Governor Kim Reynold says she’ll keep pushing for an increase in Iowa’s tax on cigarettes and other tobacco products and a new 15% sales tax on vaping products. Her proposed tax hikes were included in a bill that failed in a Senate committee last week.
“It’s never ‘dead dead’ until (legislators) go home and those converations are happening. It is hard and I’ll admit that, but we’re continuing to have the conversations,” Reynolds said. this afternoon “I put it in my budget, so it’s something I support and so I will continue to advocate for it because I believe that it’s the right thing to do.”
Reynolds held a news conference earlier this month to release the latest University of Iowa research on cancer rates in Iowa and proposed the tax hike as one way to reduce smoking and address the fact Iowa has more late stage lung cancer cases than other states. “With the cancer numbers that we and when you look at 70% of lung cancer (cases) are attributed to tobacco, I think it makes sense that we take a look at that,” Reynolds told reporters today after an event in her statehouse office..
A House committee has considered a bill that includes some of the governor’s Make America Healthy Again or MAHA agenda, but House Republicans removed the tobacco tax hike from the legislation. Reynolds said she understands her fellow Republicans are relutant to raise taxes on cigarettes, vapes and consumable hemp products.

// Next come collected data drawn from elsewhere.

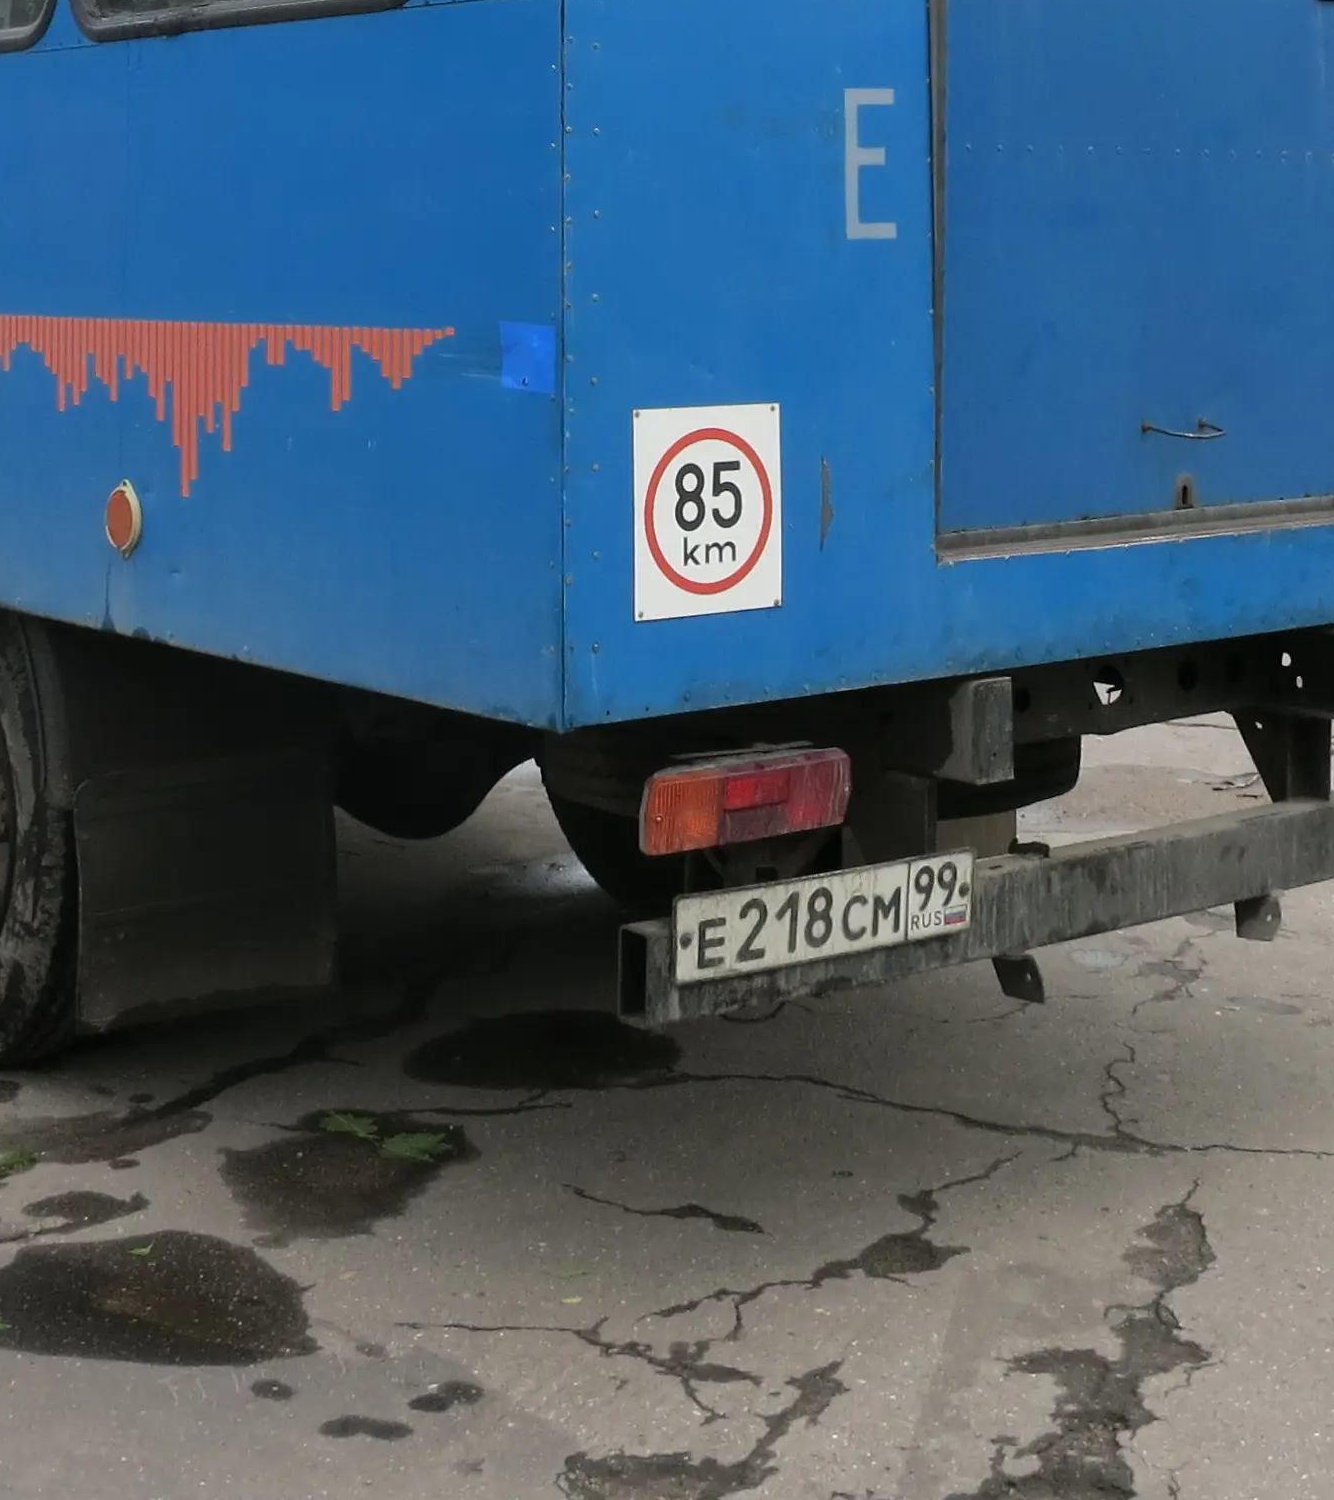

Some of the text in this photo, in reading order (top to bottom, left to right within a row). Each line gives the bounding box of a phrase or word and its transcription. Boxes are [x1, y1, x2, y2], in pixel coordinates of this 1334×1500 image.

[674, 460, 743, 532] 85
[682, 536, 737, 566] km
[914, 861, 958, 911] 99
[910, 910, 942, 930] RUS
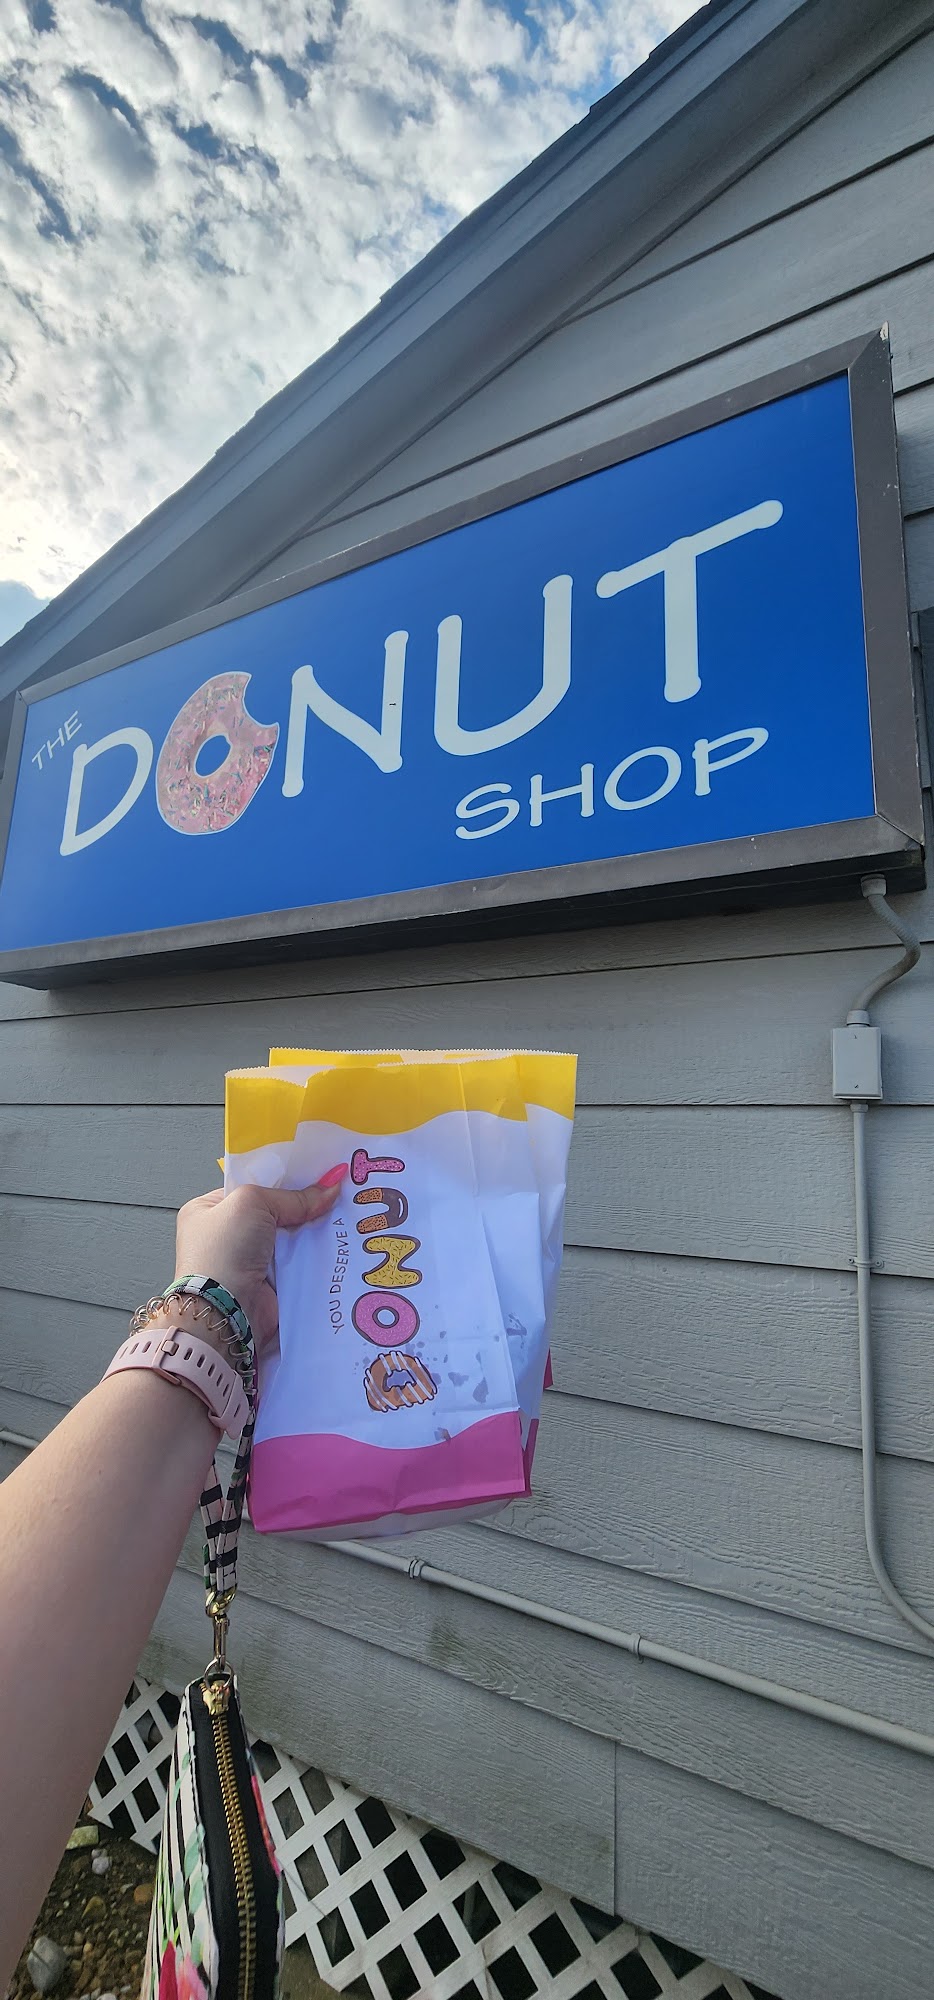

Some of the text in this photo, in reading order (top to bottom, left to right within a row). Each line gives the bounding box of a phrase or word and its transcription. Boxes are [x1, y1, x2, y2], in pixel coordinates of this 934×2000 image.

[60, 499, 784, 857] DONUT
[31, 710, 83, 771] THE
[454, 727, 770, 841] SHOP
[328, 1217, 350, 1335] YOU DESERVE A
[350, 1148, 438, 1413] DONUT

“I’m not a governor that raises taxes, but there are certain areas where it does make sense,” Reynolds said, “and it aligns with the MAHA bill and it aligns with what we’re trying to do across the board.”
Reynolds is proposing that the state tax on a pack of cigarettes go up to the national average, which is $2.01 a pack. Reynolds also recommends the state start charging a 15% tax on vaping products and consumable hemp products.